With any handicapping software, you have the problem of learning the software and how to use the data. Well, HTR is no exception and has MANY choices to export data for research. Ken Massa, HTR developer, has nine (9) different exports and six different Pace Line modes to generate different data sets!! I have not looked at JeffP's or DaveS's software but expect you would have similar choices in your search for data.

The general export from HTR is Hx4 using Pace Line five (PL5). The Hx4 export has many fields which are the rank of different factors. You can download a sample and look at the Hx4 specification at www.htr2.com

If you are interested, then contact Ken about a week end trial during which you could download forty-five (45) days of data from HDW. After the trial, your data expense for two months of data could be 'averaged' to sixty dollars a month. That is, sign up, download, 45 days, sign off and wait for the second month! A simple, cost effective solution to not SHARING the data from another HTR user.

If you decide to check out HTR, then do not hestitate to email me when you encounter an issue. Or, post your question about other exports because there are other HTR users on this forum who would have experience with the other exports.

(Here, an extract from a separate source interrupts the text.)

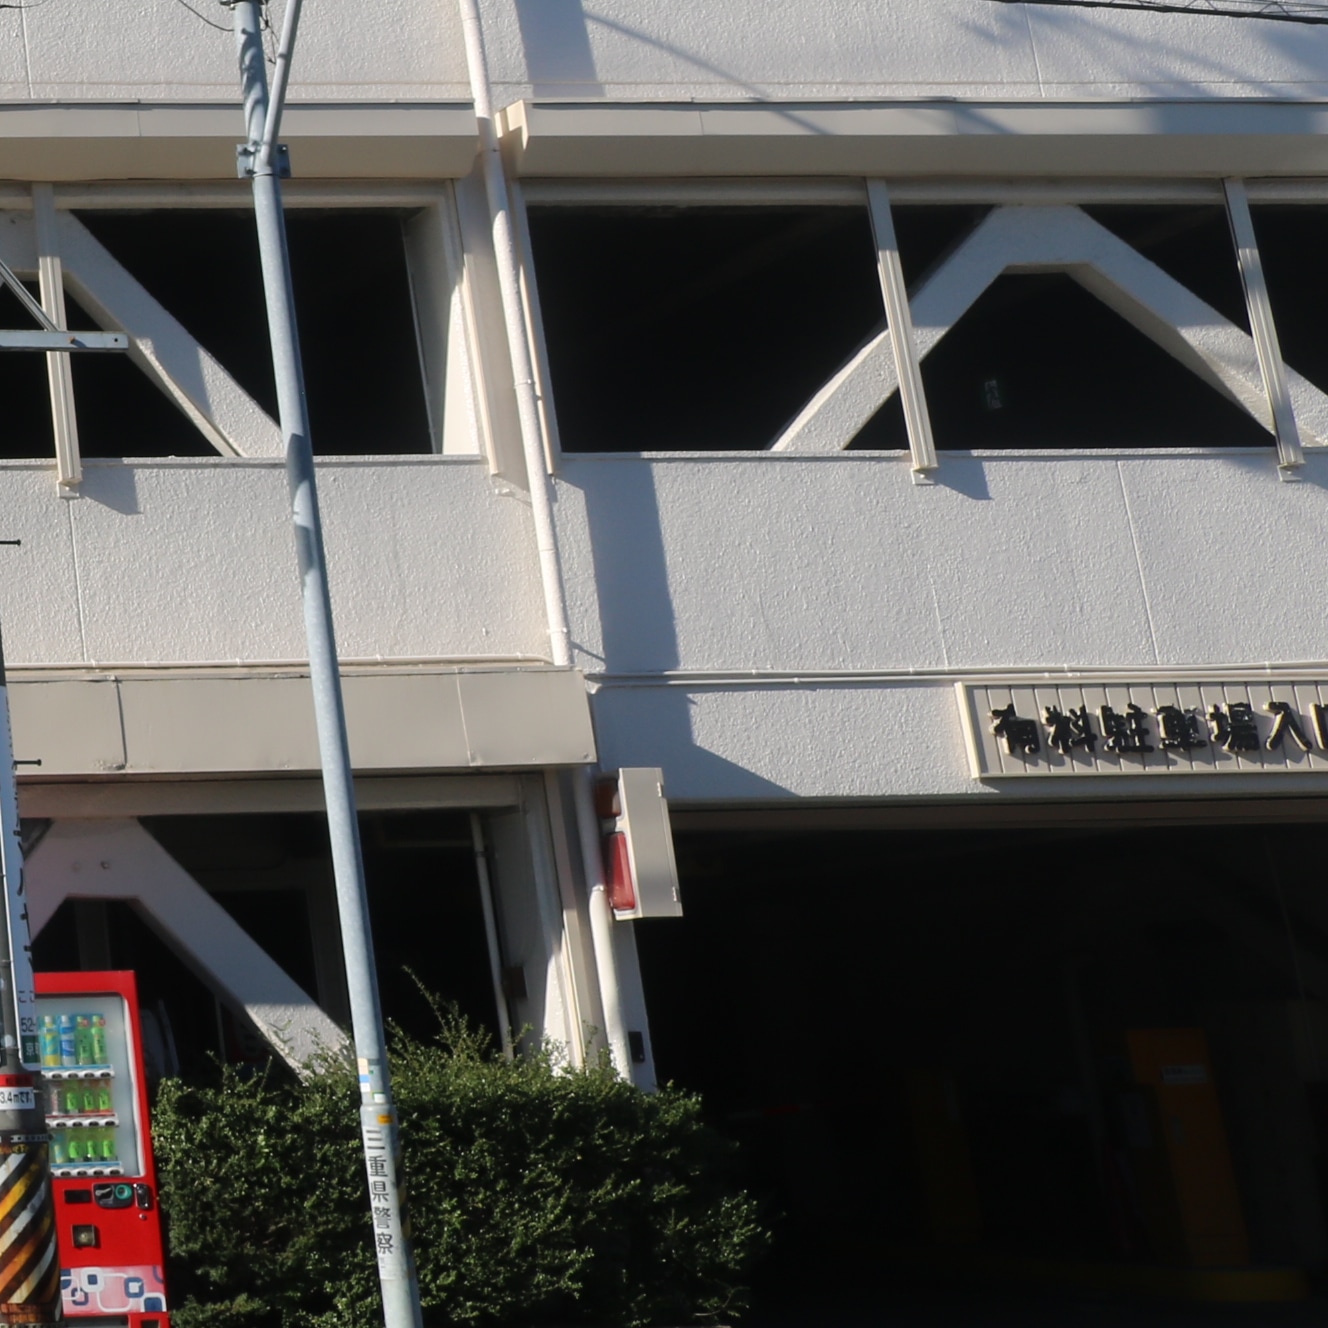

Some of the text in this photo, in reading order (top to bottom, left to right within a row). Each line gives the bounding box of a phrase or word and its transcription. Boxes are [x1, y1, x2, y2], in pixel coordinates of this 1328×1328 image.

[365, 1129, 393, 1255] 三重県警察
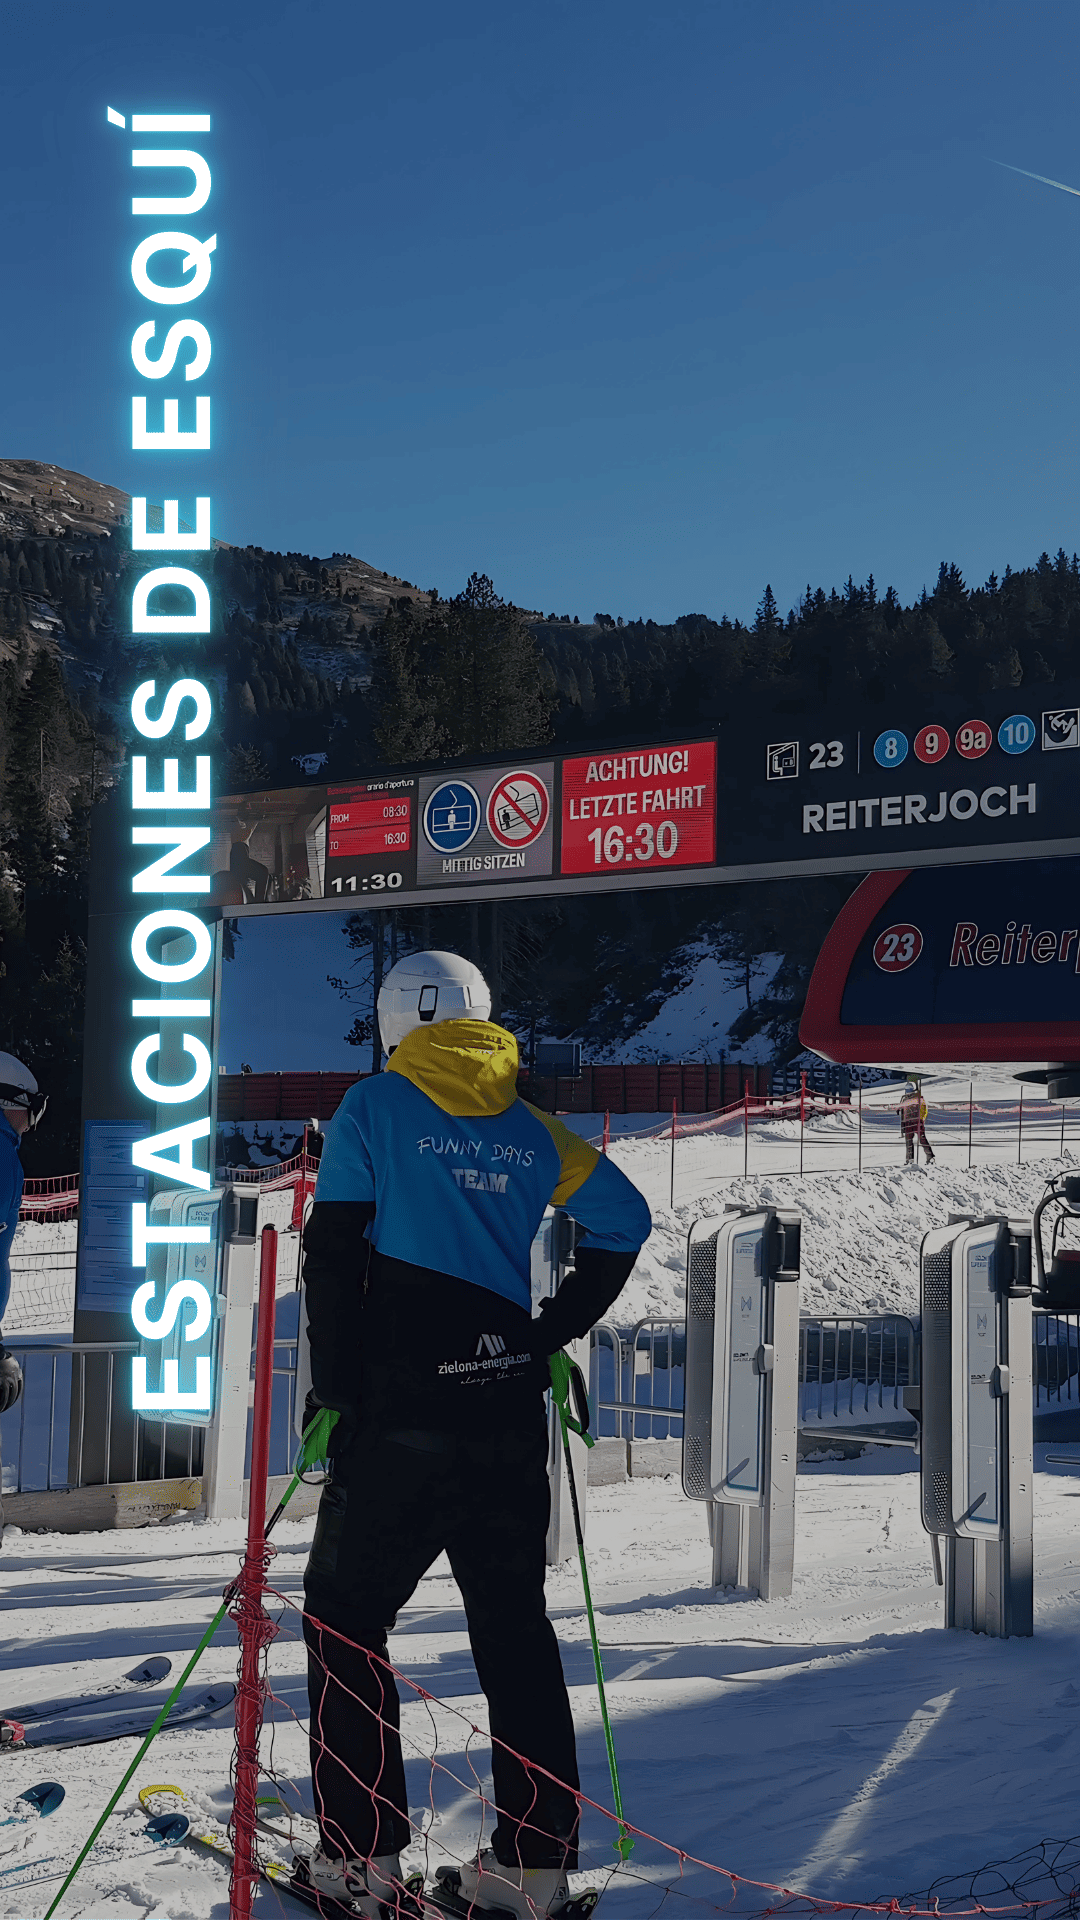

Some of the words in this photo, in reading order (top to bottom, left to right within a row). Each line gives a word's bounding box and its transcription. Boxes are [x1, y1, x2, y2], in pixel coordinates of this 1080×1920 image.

I enjoy research and spend most of my time searching for the combination of rankings that will define a good bet.

---aaah disclaimer--
oh, I am just a satisfied HTR user, ie, my personal gain is from sharing this data opportunity with you and am not connected to the HTR company.
------------------

good luck with your data search.

duane/Awol

Dave Schwartz
04-30-2006, 12:28 AM
Prank,

That was a good answer.

Check your PM.

Regards,
Dave Schwartz